Please retype every record below exactly, leaving the pictures out.

Segment Start: Data provided

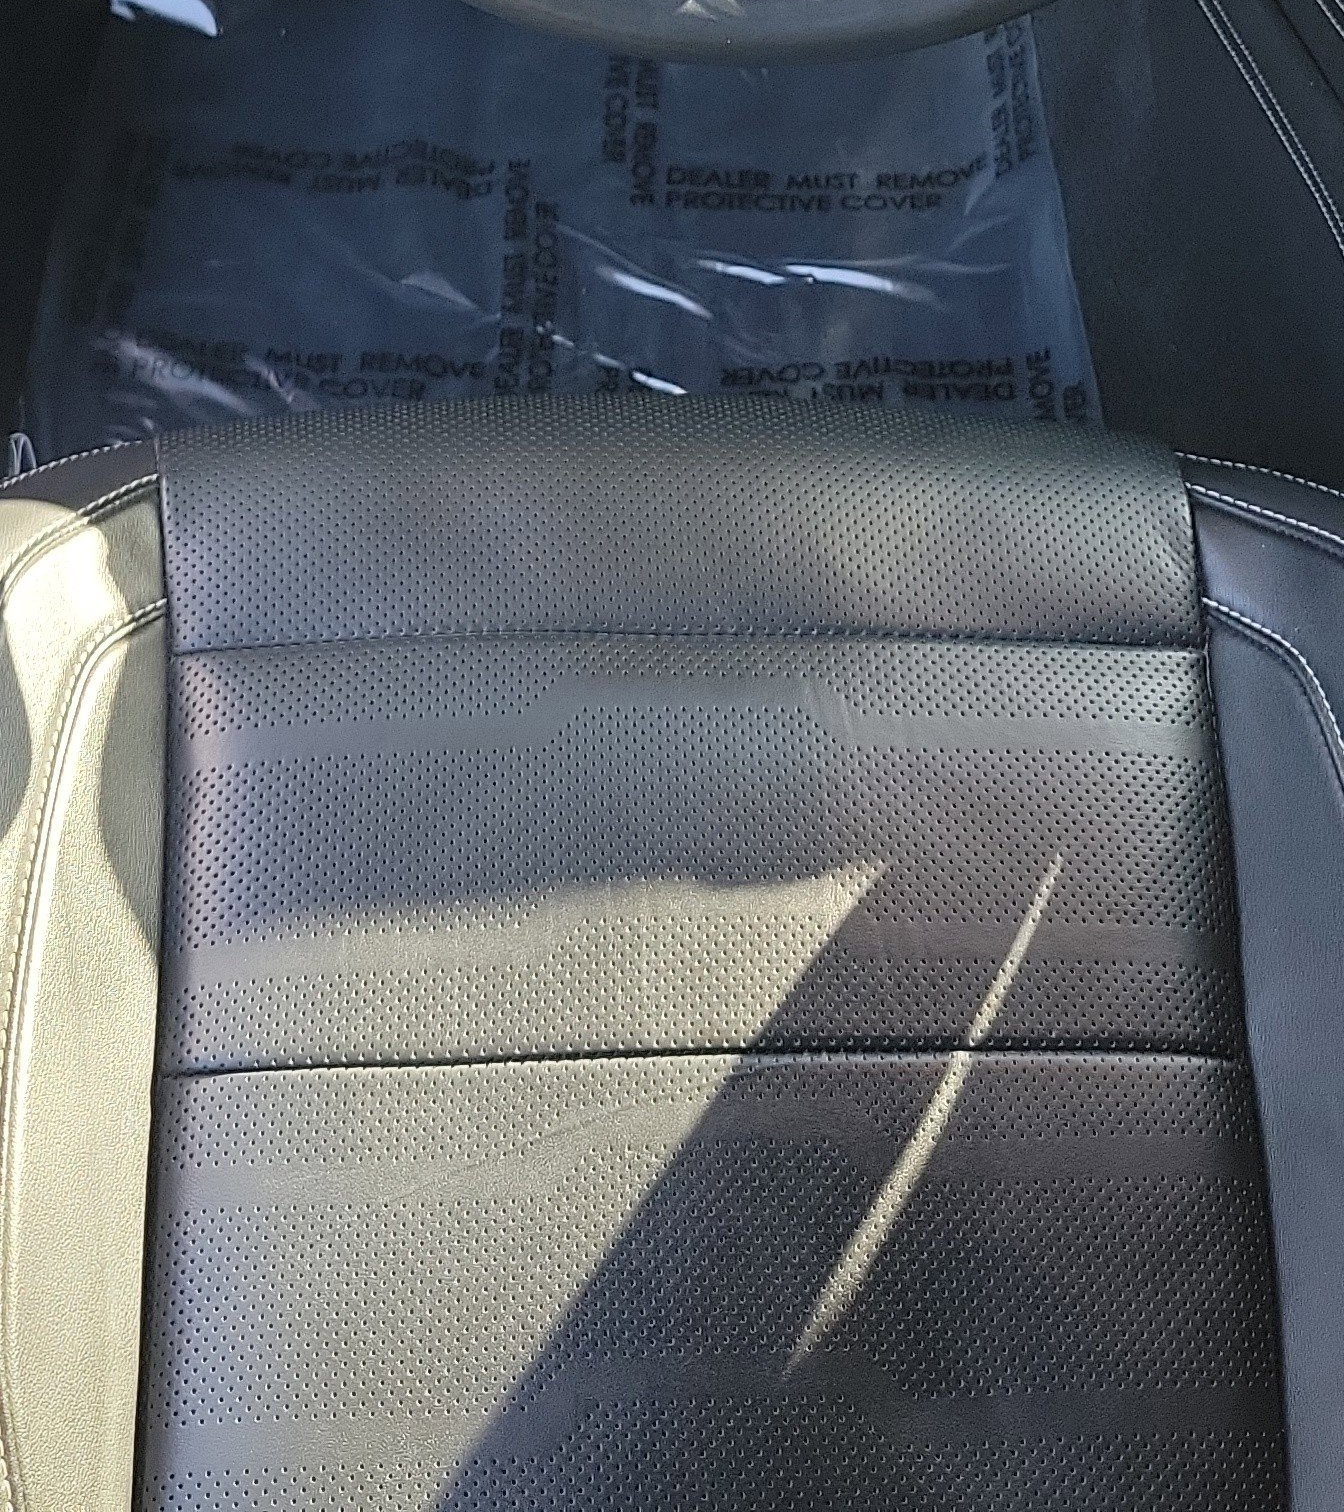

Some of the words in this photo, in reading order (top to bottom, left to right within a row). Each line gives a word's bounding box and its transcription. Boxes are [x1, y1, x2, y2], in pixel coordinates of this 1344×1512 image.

[665, 165, 771, 189] DEALER
[786, 172, 859, 190] MUST
[876, 152, 987, 190] REMOVE
[665, 190, 831, 213] PROTECTIVE
[840, 193, 943, 213] COVER
[264, 346, 345, 374] MUST
[360, 350, 487, 379] REMOVE
[720, 361, 826, 387] COVER
[834, 355, 1014, 383] PROTECTIVE
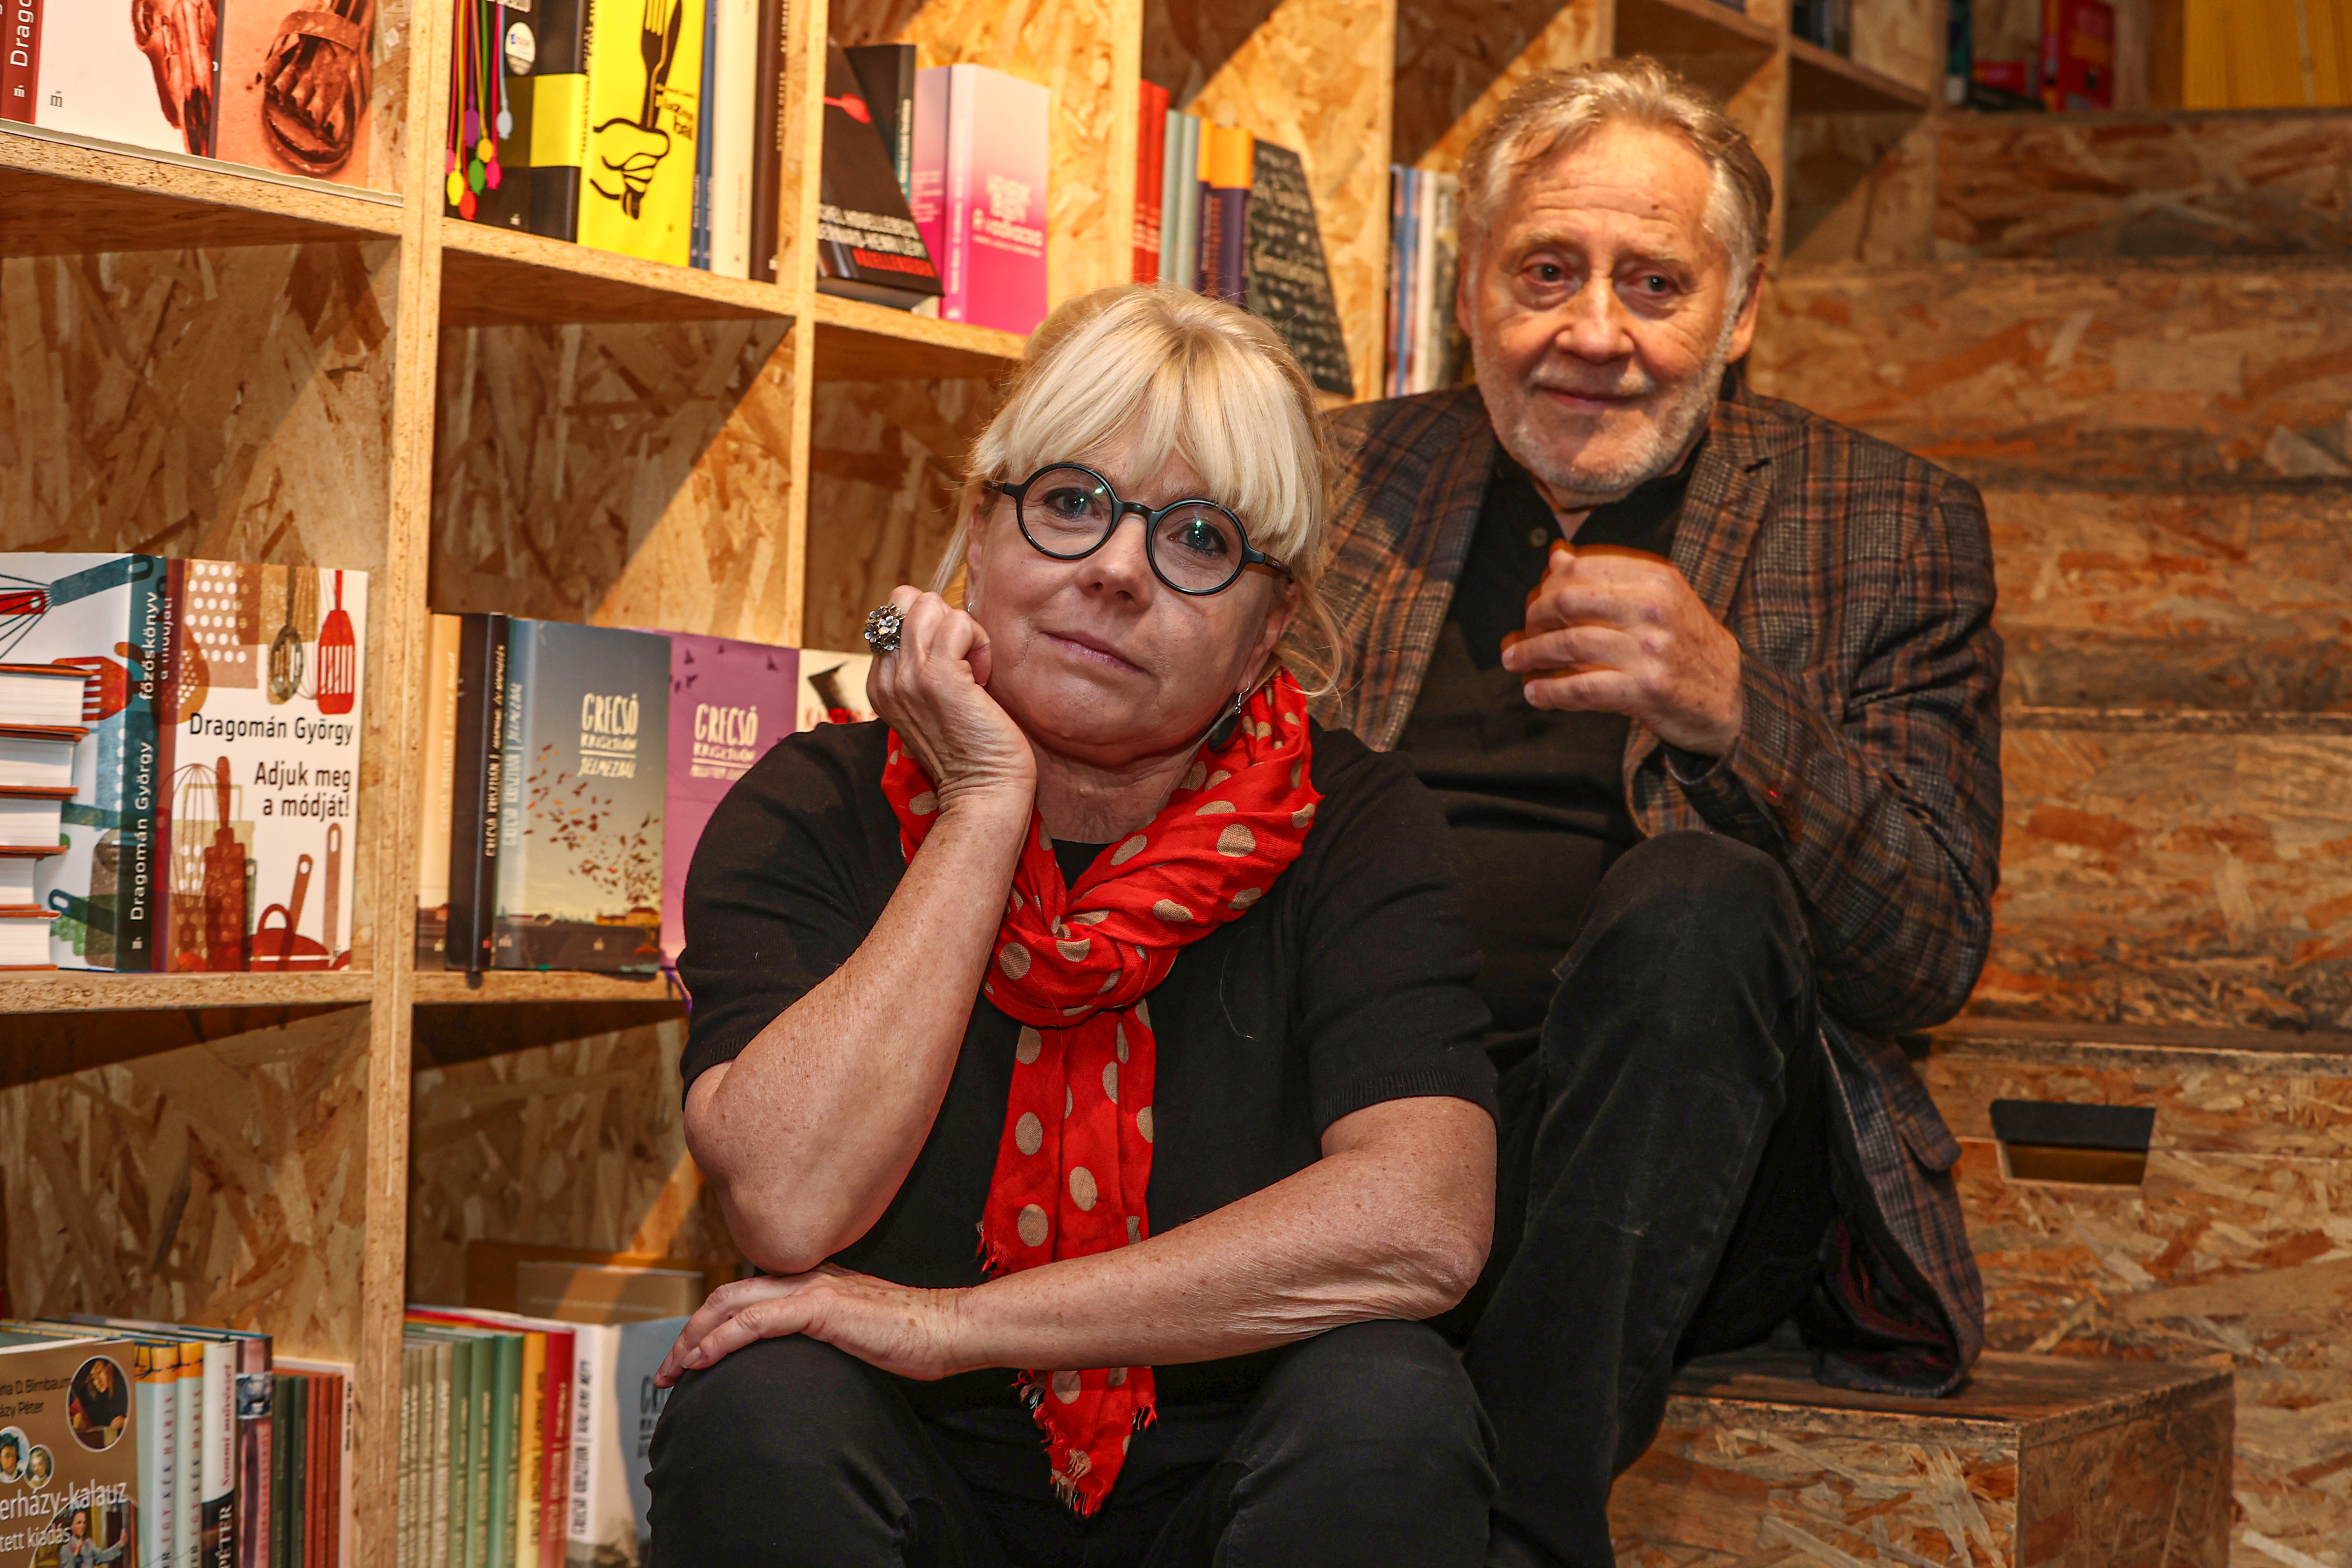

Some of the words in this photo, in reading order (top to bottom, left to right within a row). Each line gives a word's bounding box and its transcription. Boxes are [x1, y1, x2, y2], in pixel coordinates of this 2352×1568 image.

[139, 591, 159, 700] főzőskönyv
[190, 712, 287, 742] Dragomán
[294, 716, 353, 746] György
[582, 692, 640, 736] GRECSÓ
[694, 703, 759, 747] GRECSÓ
[135, 741, 154, 810] György
[254, 761, 309, 791] Adjuk
[314, 769, 351, 792] meg
[262, 798, 273, 816] a
[280, 791, 350, 822] módját!
[130, 818, 149, 921] Dragomán
[27, 1522, 72, 1548] kiadás

Segment End: Data provided

Result of this task:
Some of the words in this photo, in reading order (top to bottom, left to right within a row). Each line gives a word's bounding box and its transcription. Boxes are [x1, y1, x2, y2], in pixel coordinates of this 1344×1512 image.

[665, 165, 771, 189] DEALER
[786, 172, 859, 190] MUST
[876, 152, 987, 190] REMOVE
[665, 190, 831, 213] PROTECTIVE
[840, 193, 943, 213] COVER
[264, 346, 345, 374] MUST
[360, 350, 487, 379] REMOVE
[720, 361, 826, 387] COVER
[834, 355, 1014, 383] PROTECTIVE

Some of the words in this photo, in reading order (top to bottom, left to right within a row). Each line gives a word's bounding box and its transcription. Boxes are [x1, y1, x2, y2], in pixel coordinates of this 2352×1568 image.

[139, 591, 159, 700] főzőskönyv
[190, 712, 287, 742] Dragomán
[294, 716, 353, 746] György
[582, 692, 640, 736] GRECSÓ
[694, 703, 759, 747] GRECSÓ
[135, 741, 154, 810] György
[254, 761, 309, 791] Adjuk
[314, 769, 351, 792] meg
[262, 798, 273, 816] a
[280, 791, 350, 822] módját!
[130, 818, 149, 921] Dragomán
[27, 1522, 72, 1548] kiadás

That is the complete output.